**ABOUT THIS TASK**: Copy out the entries that follow exactly, leaving out the pictures.

==*==

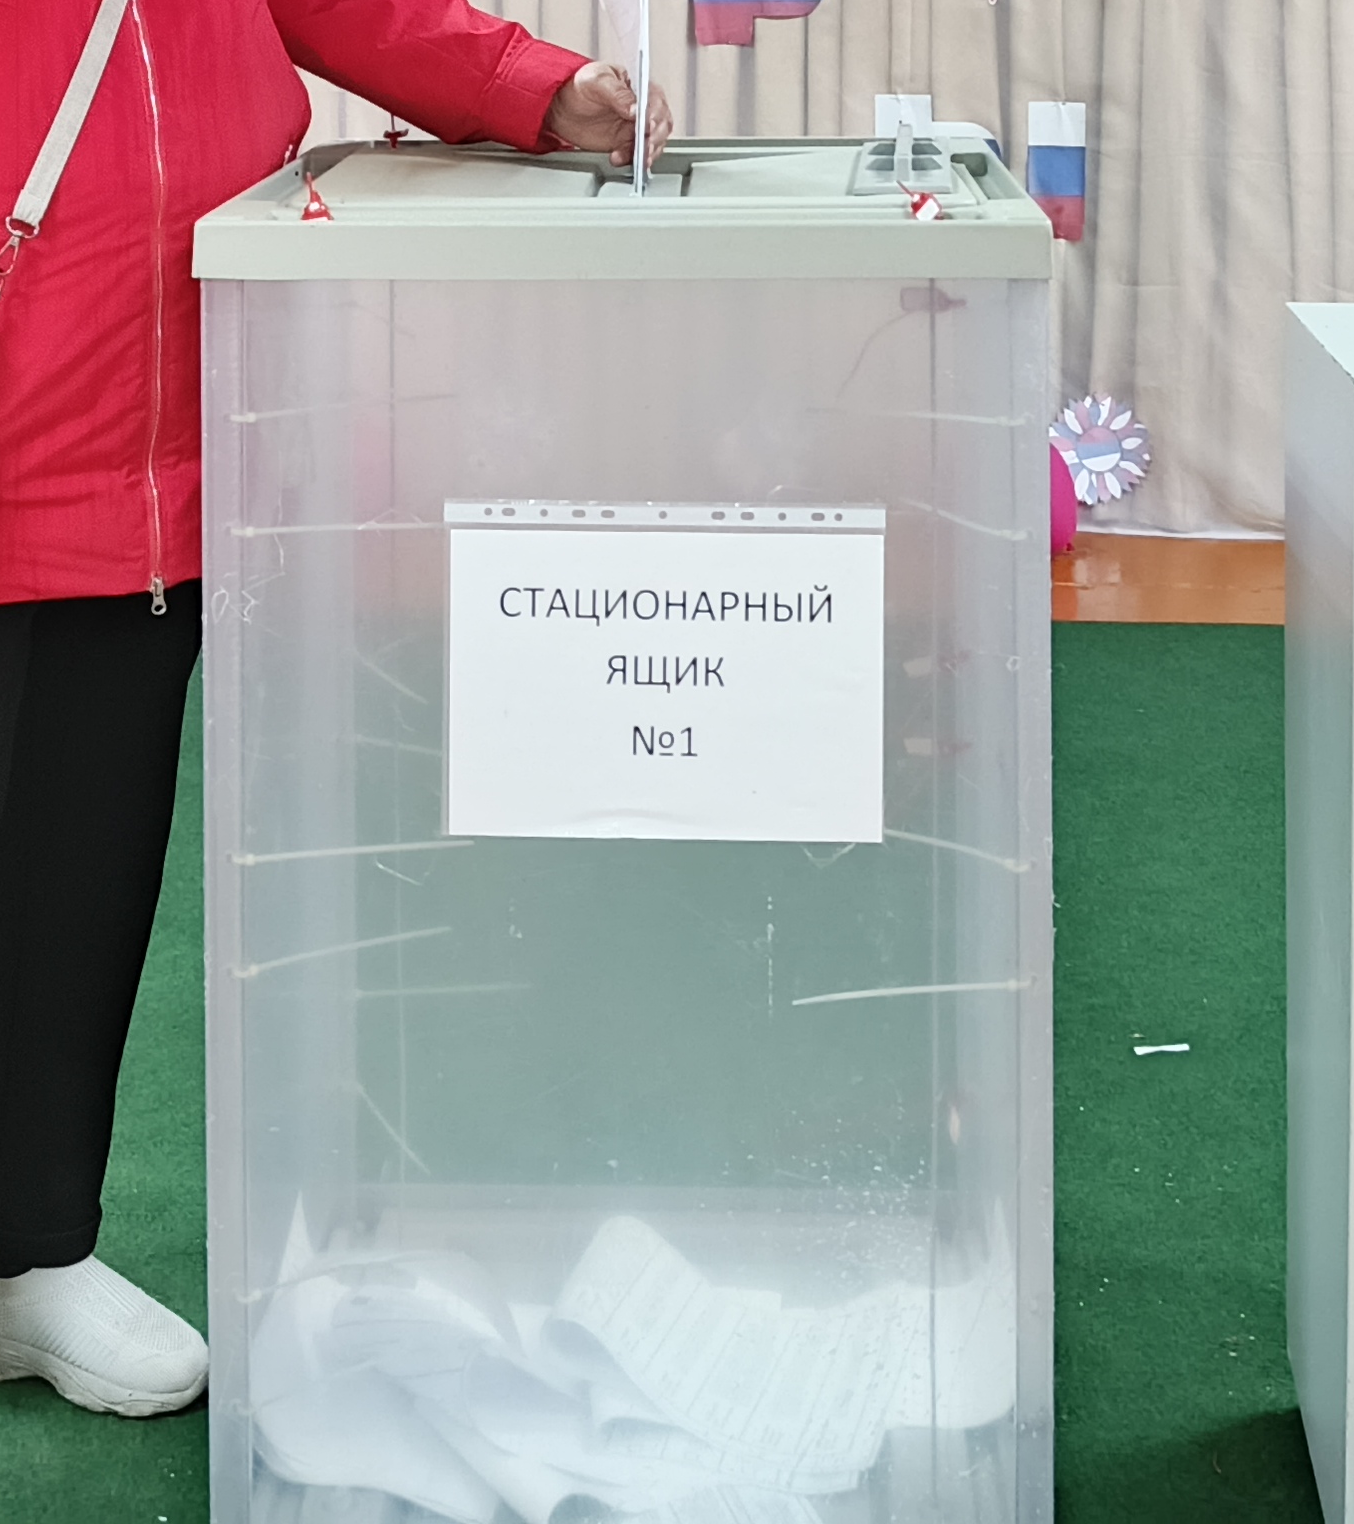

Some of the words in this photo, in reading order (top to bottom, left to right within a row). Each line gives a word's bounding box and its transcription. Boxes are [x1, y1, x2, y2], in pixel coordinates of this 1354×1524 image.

[498, 584, 834, 627] СТАЦИОНАРНЫЙ
[606, 654, 726, 694] ЯЩИК
[631, 725, 698, 758] №1
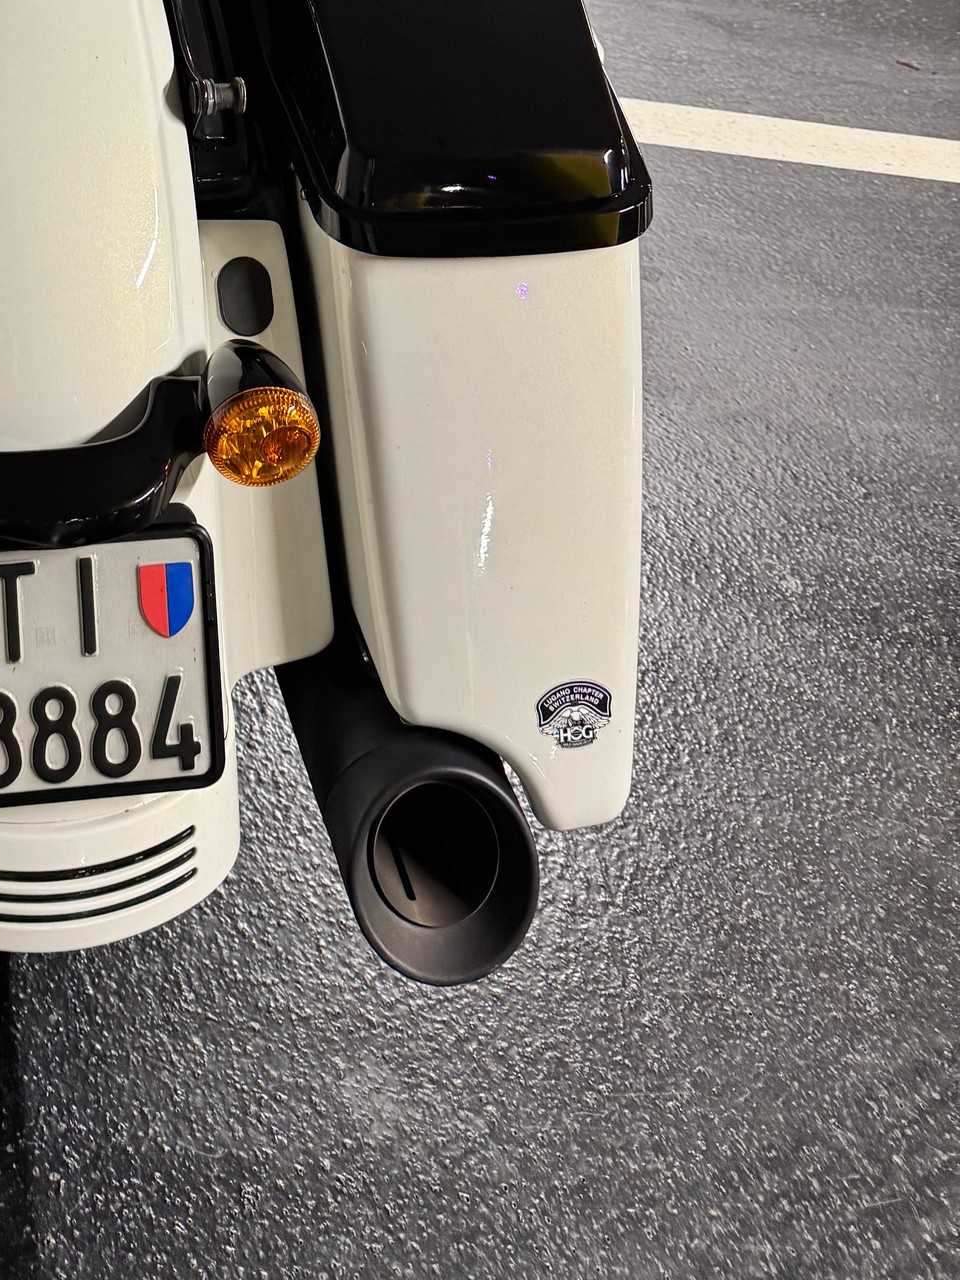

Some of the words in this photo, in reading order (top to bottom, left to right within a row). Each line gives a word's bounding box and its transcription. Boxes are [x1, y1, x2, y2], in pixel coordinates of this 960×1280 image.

==*==

**EXERCISE OUTPUT**:
Some of the words in this photo, in reading order (top to bottom, left to right within a row). Each line gives a word's bounding box and its transcription. Boxes are [x1, y1, x2, y2], in pixel coordinates of this 1354×1524 image.

[498, 584, 834, 627] СТАЦИОНАРНЫЙ
[606, 654, 726, 694] ЯЩИК
[631, 725, 698, 758] №1

Some of the words in this photo, in reading order (top to bottom, left to right within a row). Each line gives a word's bounding box and its transcription. Boxes are [x1, y1, x2, y2], in pixel coordinates of this 960×1280 image.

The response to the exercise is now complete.